The first charitable trust in Australia, as far as we are aware, was established in 1886 in South Australia – this was the Wyatt Benevolent Institution, which is profiled in Issue 2 of our 30 Years Celebration. The second oldest is the Queen’s Fund, established in Victoria in 1887. So while Victoria is generally considered to have the honours, South Australia is the true birthplace of Australian philanthropic trusts!

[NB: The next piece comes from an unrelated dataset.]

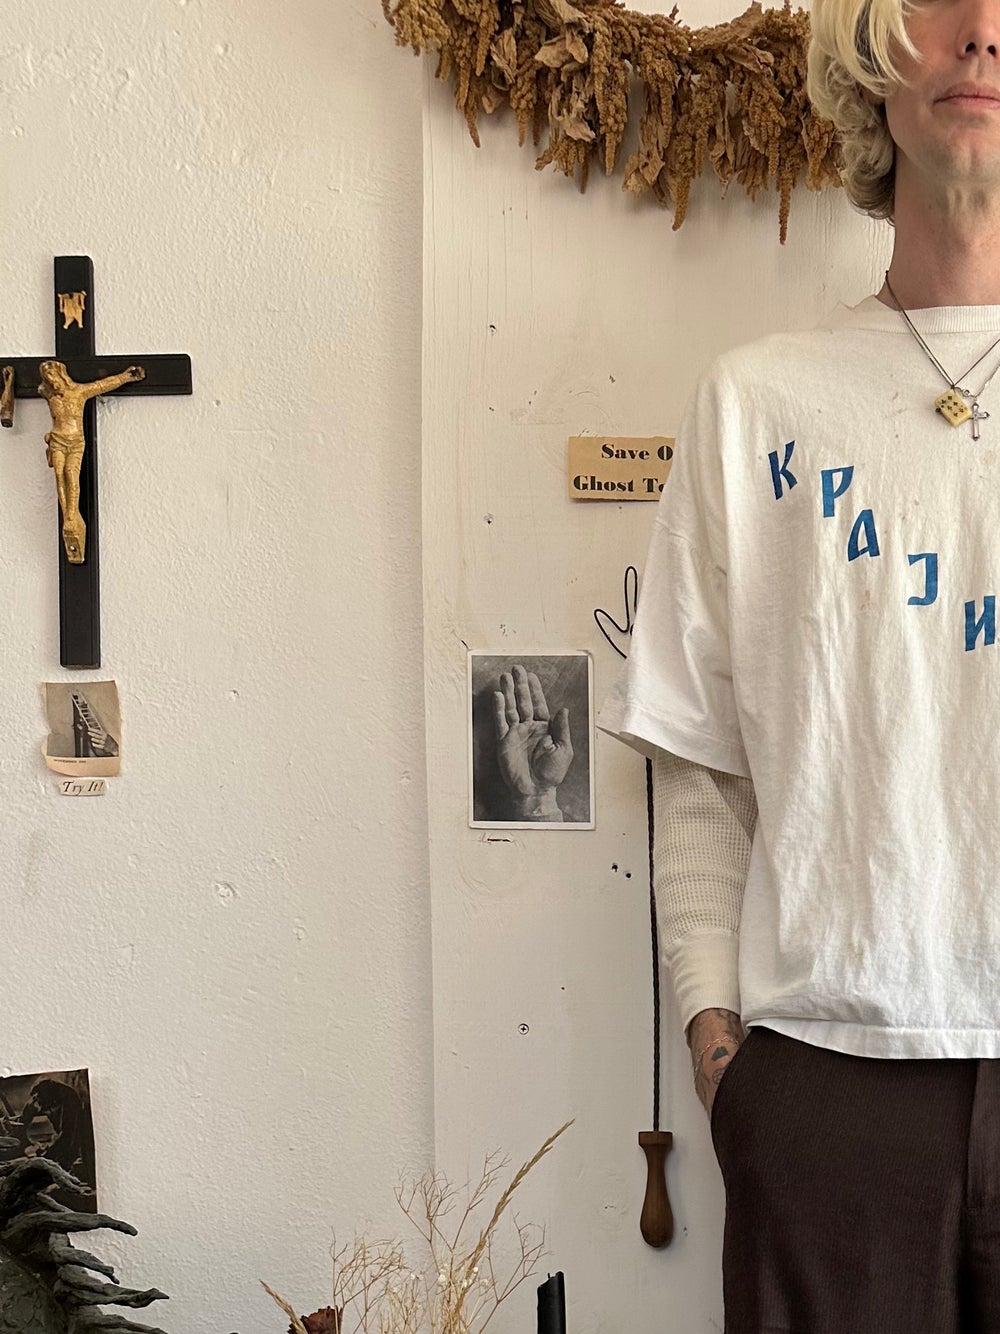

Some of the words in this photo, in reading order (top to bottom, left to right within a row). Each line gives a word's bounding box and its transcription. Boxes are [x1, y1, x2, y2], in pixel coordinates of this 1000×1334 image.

[601, 443, 650, 460] Save
[573, 475, 634, 492] Ghost
[63, 780, 85, 796] Try

What we do know is that when people decide to establish a charitable foundation, or to leave money in their will to do so, the choices they make about the size and geographic scope of their foundation will depend on many things. Tax incentives will certainly play a part, and always have done. Personal feeling about a particular place will also be a big factor. People tend to give either to the place they know and love, or to the place they feel would benefit the most from their giving. While we cherish our history, it’s exciting to consider the new foundations which are springing up, and where their funding might be spent.